# Deleting folders from library



## Annewickham

I have tried to delete an empty folder from the library. There is nothing in it and the pictures are trashed from the desktop where they were. How do I delete the folder out of the library. I saw the instructions to do it and it won't do it.


----------



## Hal P Anderson

Anne,

Welcome to the forum!

Just ctrl-click on the folder name and choose "Remove":




Hal


----------



## clee01l

Annewickham said:


> I have tried to delete an empty folder from the library. There is nothing in it and the pictures are trashed from the desktop where they were. How do I delete the folder out of the library. I saw the instructions to do it and it won't do it.


Anne, Welcome to the forum. 
There must be nothing in the folder to remove it from the HD.  Open the folder in Finder and verify that there are no files of any type in this folder.  If the folder is empty in as viewed in finder and the image count shows '0' in the Folder panel, you can right click on the folder in the LR folder panel and choose {remove} form the context menu. 

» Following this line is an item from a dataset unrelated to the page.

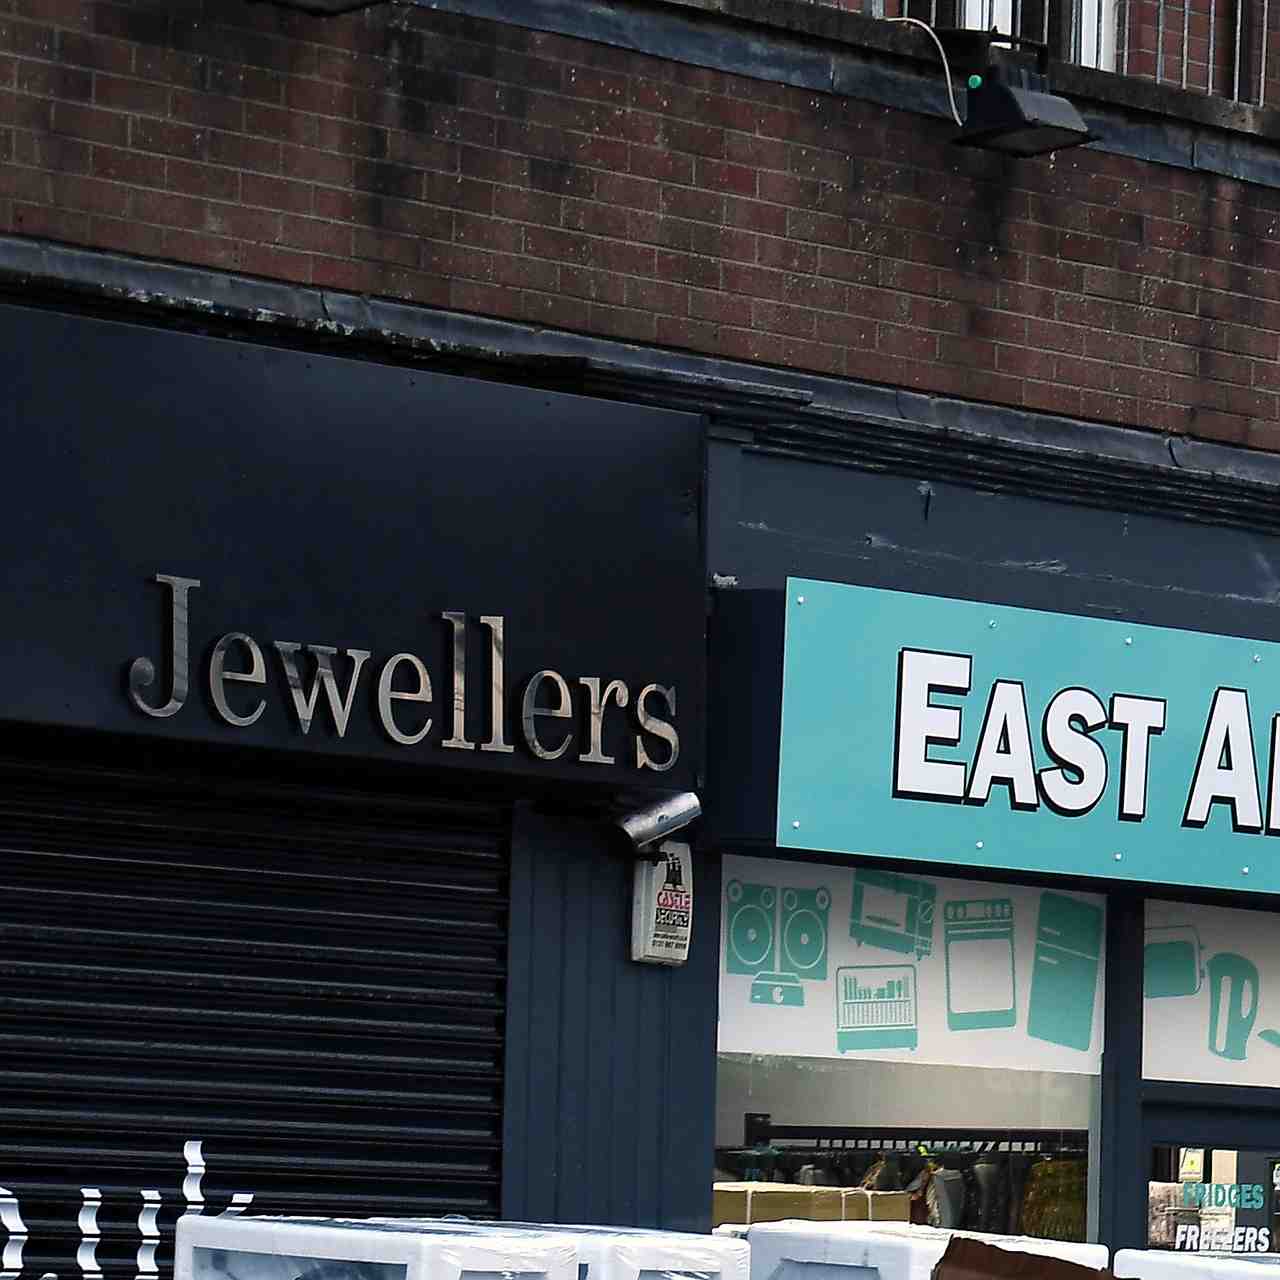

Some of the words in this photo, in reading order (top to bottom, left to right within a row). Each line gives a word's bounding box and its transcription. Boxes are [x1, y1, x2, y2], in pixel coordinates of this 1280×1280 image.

[126, 572, 681, 773] Jewellers
[893, 646, 1167, 824] EAST
[1183, 1183, 1265, 1210] FRIDGES

If this is not working for you, then a screen shot of the folder panel and another of the folder in a column view in Finder will help further assess the problem.


----------



## ipri

Hi I have same problem.....I have "Added folder" as a test. It is empty...it does not appear in the LR file structure unless I choose "Import photos + videos" then I ca see it..rt clicking does not show a delete option. thanks   PS can I safely delete this from Explorer  file list?


----------



## clee01l

ipri said:


> Hi I have same problem.....I have "Added folder" as a test. It is empty...it does not appear in the LR file structure unless I choose "Import photos + videos" then I ca see it..rt clicking does not show a delete option. thanks   PS can I safely delete this from Explorer  file list?


The only place that folders are critical to Lightroom is in the Library Folder panel.  If the folder appears there and there are no cataloged images. (i.e. image count in the folder panel is zero), you can right click on it in the folder panel to remove it from the catalog.  If (AND ONLY IF) the folder contains not other files, LR will delete the folder from the filesystem.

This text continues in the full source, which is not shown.